─── Materials provided ───

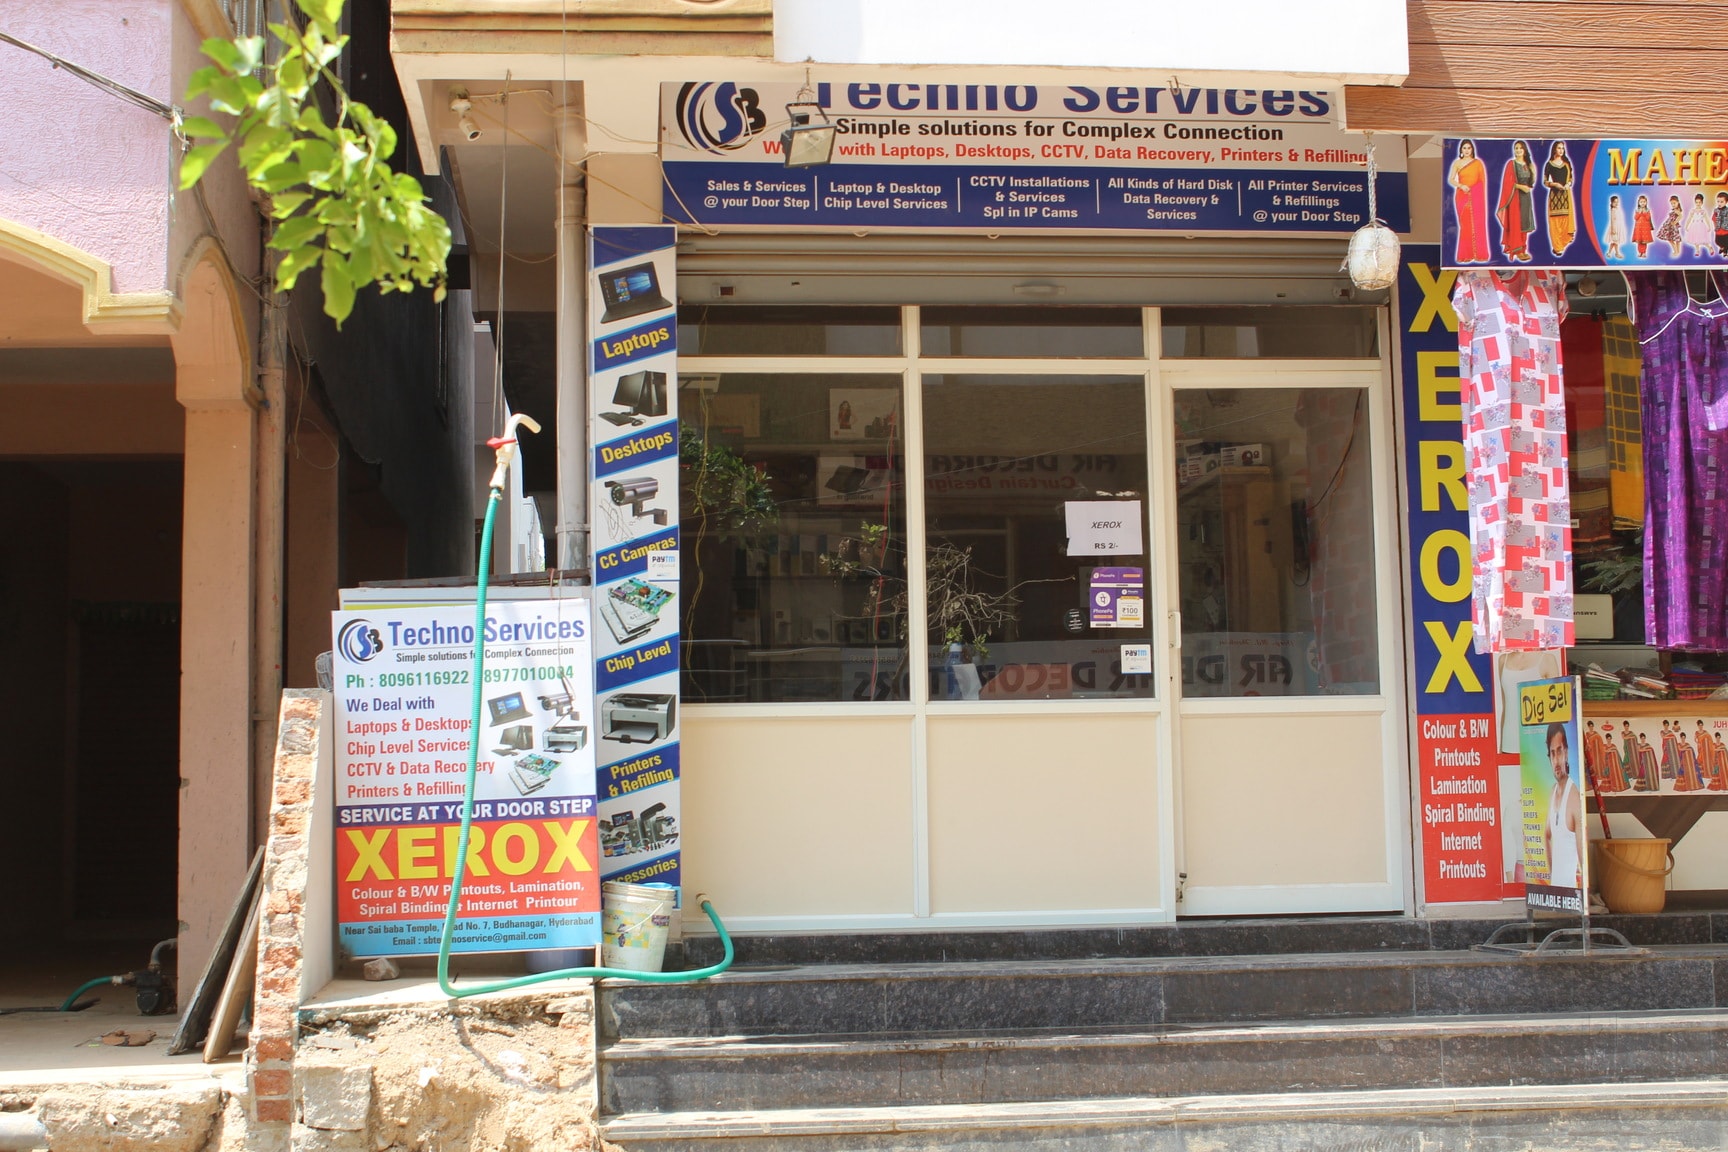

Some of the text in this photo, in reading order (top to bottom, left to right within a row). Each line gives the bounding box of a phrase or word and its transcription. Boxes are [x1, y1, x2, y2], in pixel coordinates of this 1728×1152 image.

[1063, 85, 1330, 117] Services
[836, 118, 1284, 142] Simple solutions for Complex Connection
[763, 140, 787, 155] W
[839, 143, 875, 157] with
[881, 144, 949, 160] Laptops,
[955, 144, 1035, 160] Desktops,
[1041, 144, 1088, 160] CCTV,
[1094, 146, 1131, 160] Data
[1137, 146, 1215, 163] Recovery,
[1220, 147, 1284, 163] Printers
[1289, 149, 1299, 162] &
[1607, 147, 1728, 186] MAHE
[707, 180, 806, 193] Sales & Services
[830, 181, 941, 197] Laptop & Desktop
[970, 175, 1089, 188] CCTV Installations
[1108, 178, 1233, 191] All Kinds of Hard Disk
[1248, 180, 1363, 193] All Printer Services
[704, 196, 810, 211] @ your Door Step
[824, 197, 948, 211] Chip Level Services
[995, 191, 1065, 203] & Services
[1123, 193, 1219, 207] Data Recovery &
[1272, 195, 1340, 208] & Refillings
[983, 206, 1078, 219] Spl in IP Cams
[1147, 209, 1197, 220] Services
[1253, 210, 1360, 224] @ your Door Step
[602, 326, 670, 359] Laptops
[601, 430, 673, 464] Desktops
[1408, 262, 1484, 693] XEROX
[1090, 521, 1122, 529] XEROX
[599, 536, 677, 569] CC Cameras
[387, 615, 586, 647] Techno Services
[396, 651, 426, 664] Simple
[428, 650, 468, 661] solutions
[485, 647, 523, 659] Complex
[525, 645, 574, 658] Connection
[605, 640, 672, 674] Chip Level
[346, 674, 365, 689] Ph
[379, 669, 469, 687] 8096116922
[346, 696, 435, 713] We Deal with
[1522, 683, 1568, 723] Dig Sel
[347, 719, 398, 736] Laptops
[401, 718, 411, 732] &
[1423, 719, 1489, 739] Colour & B/W
[347, 740, 376, 758] Chip
[379, 739, 414, 755] Level
[1434, 748, 1481, 767] Printouts
[347, 759, 495, 777] CCTV & Data Recoery
[610, 754, 662, 780] Printers
[347, 784, 399, 799] Printers
[403, 782, 412, 796] &
[608, 766, 675, 797] & Refilling
[1430, 776, 1487, 795] Lamination
[340, 806, 413, 823] SERVICE
[417, 805, 440, 820] AT
[497, 801, 545, 817] DOOR
[550, 798, 593, 814] STEP
[1425, 803, 1495, 826] Spiral Binding
[345, 819, 593, 882] XEROX
[1441, 831, 1482, 851] Internet
[611, 858, 678, 884] cessories
[1440, 860, 1486, 879] Printouts
[351, 880, 585, 900] Colour & B/W Pntouts, Lamination,
[359, 903, 397, 918] Spiral
[467, 898, 518, 911] Internet
[525, 896, 578, 909] Printour
[1527, 893, 1581, 911] AVAILABLE HERE
[344, 916, 594, 936] Near Sai baba Temple, ad No. 7, Budhanagar, Hyderabad
[392, 935, 416, 946] Email
[423, 931, 547, 946] sbtenoservice@gmail.com
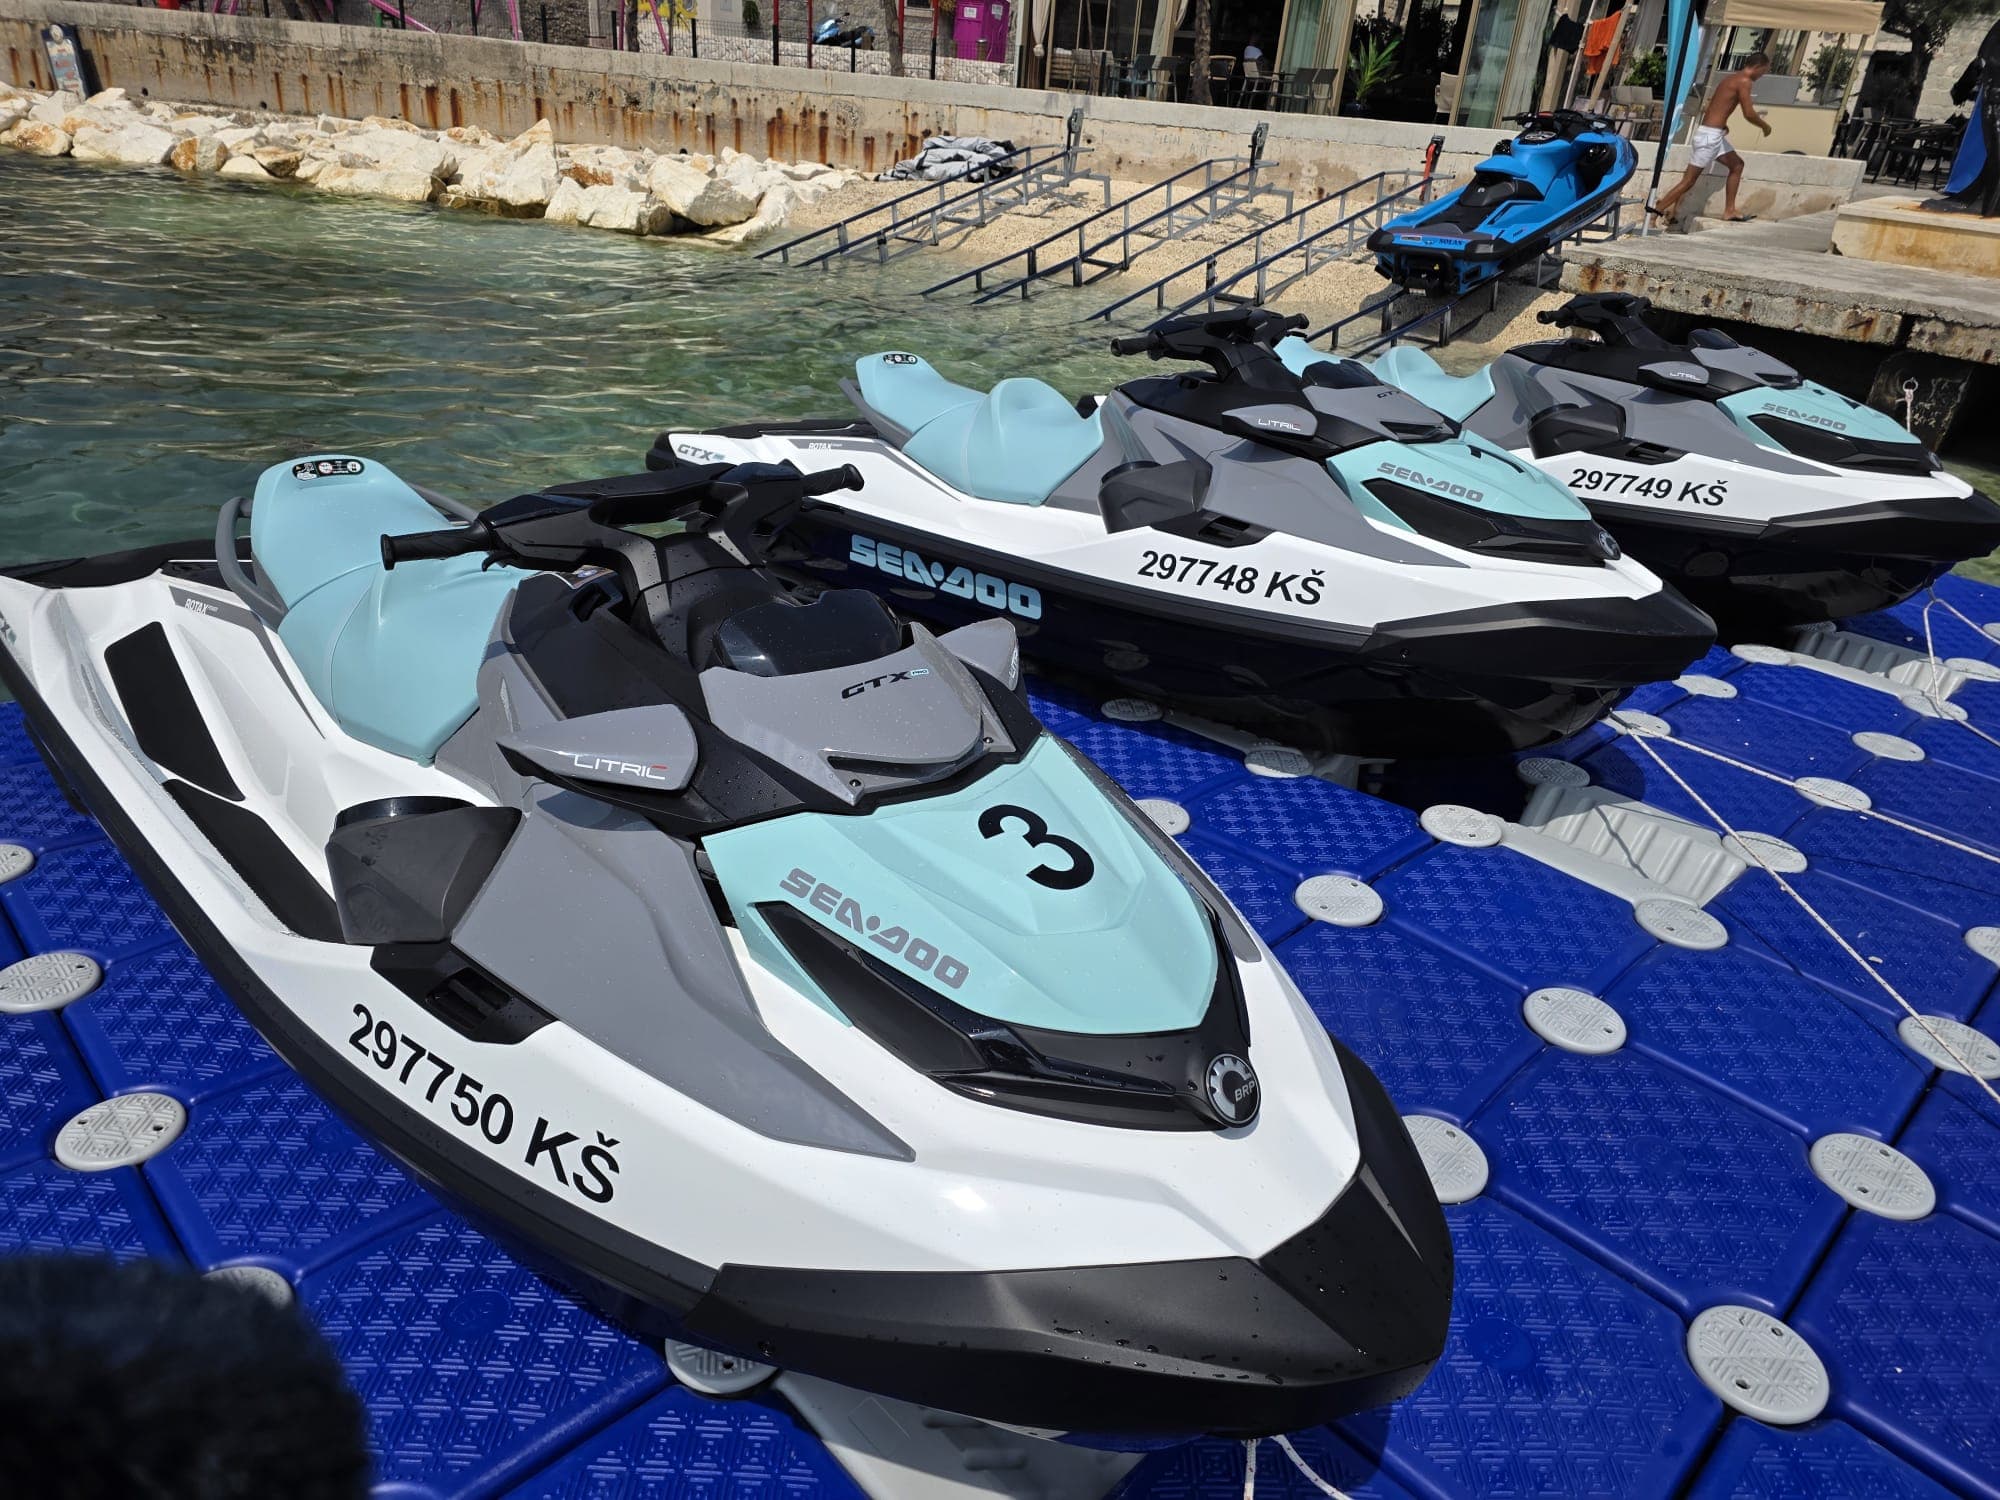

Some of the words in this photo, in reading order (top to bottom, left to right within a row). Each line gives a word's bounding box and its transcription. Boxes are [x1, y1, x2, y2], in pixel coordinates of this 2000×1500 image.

[677, 443, 714, 461] GTX
[1568, 468, 1673, 499] 297749
[1677, 479, 1728, 506] KŠ
[1137, 550, 1259, 594] 297748
[1264, 568, 1326, 605] KŠ
[841, 671, 912, 699] GTX
[574, 754, 668, 780] LITRIC
[978, 803, 1095, 891] 3
[348, 1003, 514, 1145] 297750
[524, 1116, 621, 1203] KŠ
[1234, 1080, 1255, 1103] BRP

───

> Aim of the task
Your response must restate every record above exactly, with each picture omitted.

> Solution to this task
Some of the text in this photo, in reading order (top to bottom, left to right within a row). Each line gives the bounding box of a phrase or word and its transcription. Boxes are [x1, y1, x2, y2], in pixel coordinates of this 1728×1152 image.

[1063, 85, 1330, 117] Services
[836, 118, 1284, 142] Simple solutions for Complex Connection
[763, 140, 787, 155] W
[839, 143, 875, 157] with
[881, 144, 949, 160] Laptops,
[955, 144, 1035, 160] Desktops,
[1041, 144, 1088, 160] CCTV,
[1094, 146, 1131, 160] Data
[1137, 146, 1215, 163] Recovery,
[1220, 147, 1284, 163] Printers
[1289, 149, 1299, 162] &
[1607, 147, 1728, 186] MAHE
[707, 180, 806, 193] Sales & Services
[830, 181, 941, 197] Laptop & Desktop
[970, 175, 1089, 188] CCTV Installations
[1108, 178, 1233, 191] All Kinds of Hard Disk
[1248, 180, 1363, 193] All Printer Services
[704, 196, 810, 211] @ your Door Step
[824, 197, 948, 211] Chip Level Services
[995, 191, 1065, 203] & Services
[1123, 193, 1219, 207] Data Recovery &
[1272, 195, 1340, 208] & Refillings
[983, 206, 1078, 219] Spl in IP Cams
[1147, 209, 1197, 220] Services
[1253, 210, 1360, 224] @ your Door Step
[602, 326, 670, 359] Laptops
[601, 430, 673, 464] Desktops
[1408, 262, 1484, 693] XEROX
[1090, 521, 1122, 529] XEROX
[599, 536, 677, 569] CC Cameras
[387, 615, 586, 647] Techno Services
[396, 651, 426, 664] Simple
[428, 650, 468, 661] solutions
[485, 647, 523, 659] Complex
[525, 645, 574, 658] Connection
[605, 640, 672, 674] Chip Level
[346, 674, 365, 689] Ph
[379, 669, 469, 687] 8096116922
[346, 696, 435, 713] We Deal with
[1522, 683, 1568, 723] Dig Sel
[347, 719, 398, 736] Laptops
[401, 718, 411, 732] &
[1423, 719, 1489, 739] Colour & B/W
[347, 740, 376, 758] Chip
[379, 739, 414, 755] Level
[1434, 748, 1481, 767] Printouts
[347, 759, 495, 777] CCTV & Data Recoery
[610, 754, 662, 780] Printers
[347, 784, 399, 799] Printers
[403, 782, 412, 796] &
[608, 766, 675, 797] & Refilling
[1430, 776, 1487, 795] Lamination
[340, 806, 413, 823] SERVICE
[417, 805, 440, 820] AT
[497, 801, 545, 817] DOOR
[550, 798, 593, 814] STEP
[1425, 803, 1495, 826] Spiral Binding
[345, 819, 593, 882] XEROX
[1441, 831, 1482, 851] Internet
[611, 858, 678, 884] cessories
[1440, 860, 1486, 879] Printouts
[351, 880, 585, 900] Colour & B/W Pntouts, Lamination,
[359, 903, 397, 918] Spiral
[467, 898, 518, 911] Internet
[525, 896, 578, 909] Printour
[1527, 893, 1581, 911] AVAILABLE HERE
[344, 916, 594, 936] Near Sai baba Temple, ad No. 7, Budhanagar, Hyderabad
[392, 935, 416, 946] Email
[423, 931, 547, 946] sbtenoservice@gmail.com

Some of the words in this photo, in reading order (top to bottom, left to right within a row). Each line gives a word's bounding box and its transcription. Boxes are [x1, y1, x2, y2], in pixel coordinates of this 2000×1500 image.

[677, 443, 714, 461] GTX
[1568, 468, 1673, 499] 297749
[1677, 479, 1728, 506] KŠ
[1137, 550, 1259, 594] 297748
[1264, 568, 1326, 605] KŠ
[841, 671, 912, 699] GTX
[574, 754, 668, 780] LITRIC
[978, 803, 1095, 891] 3
[348, 1003, 514, 1145] 297750
[524, 1116, 621, 1203] KŠ
[1234, 1080, 1255, 1103] BRP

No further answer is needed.